ASSIGNMENT
From the first line to the last, reproduce the records below exactly, omitting any picture.

Entries taken from a collection:
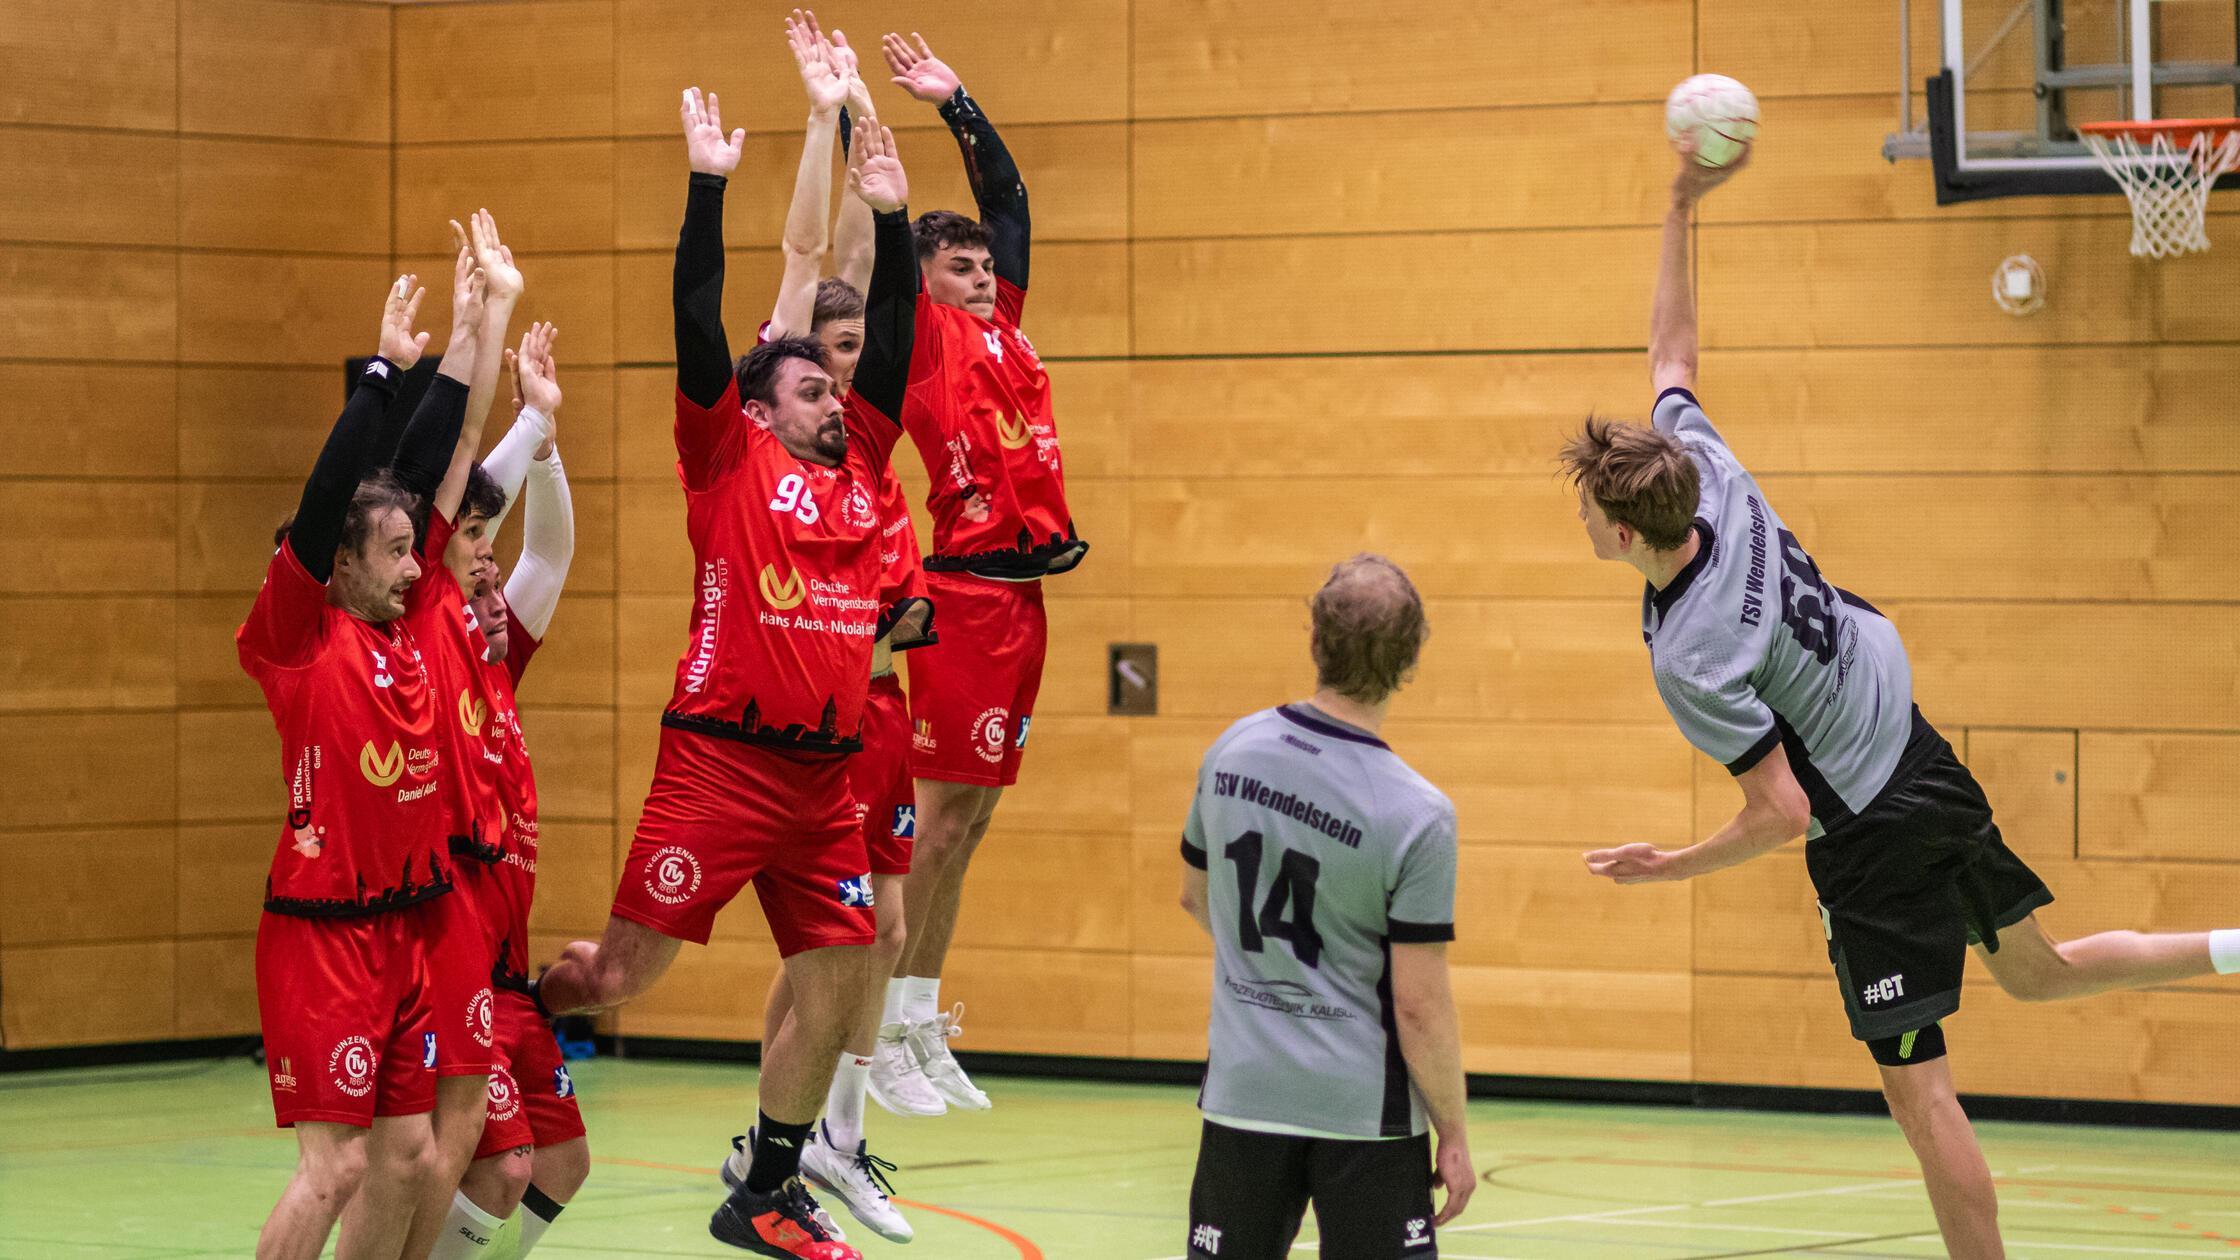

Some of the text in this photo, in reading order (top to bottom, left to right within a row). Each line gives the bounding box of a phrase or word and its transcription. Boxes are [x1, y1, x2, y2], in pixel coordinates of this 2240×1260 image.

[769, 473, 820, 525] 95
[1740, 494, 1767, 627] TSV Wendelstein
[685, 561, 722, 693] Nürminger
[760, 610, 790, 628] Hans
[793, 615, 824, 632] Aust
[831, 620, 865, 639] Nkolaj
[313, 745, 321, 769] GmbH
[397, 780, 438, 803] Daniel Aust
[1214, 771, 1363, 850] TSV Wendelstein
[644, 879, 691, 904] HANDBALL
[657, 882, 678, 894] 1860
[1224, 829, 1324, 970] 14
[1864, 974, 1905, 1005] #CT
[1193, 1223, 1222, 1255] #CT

THE COMPLETED TASK
Some of the text in this photo, in reading order (top to bottom, left to right within a row). Each line gives the bounding box of a phrase or word and its transcription. Boxes are [x1, y1, x2, y2], in pixel coordinates of this 2240×1260 image.

[769, 473, 820, 525] 95
[1740, 494, 1767, 627] TSV Wendelstein
[685, 561, 722, 693] Nürminger
[760, 610, 790, 628] Hans
[793, 615, 824, 632] Aust
[831, 620, 865, 639] Nkolaj
[313, 745, 321, 769] GmbH
[397, 780, 438, 803] Daniel Aust
[1214, 771, 1363, 850] TSV Wendelstein
[644, 879, 691, 904] HANDBALL
[657, 882, 678, 894] 1860
[1224, 829, 1324, 970] 14
[1864, 974, 1905, 1005] #CT
[1193, 1223, 1222, 1255] #CT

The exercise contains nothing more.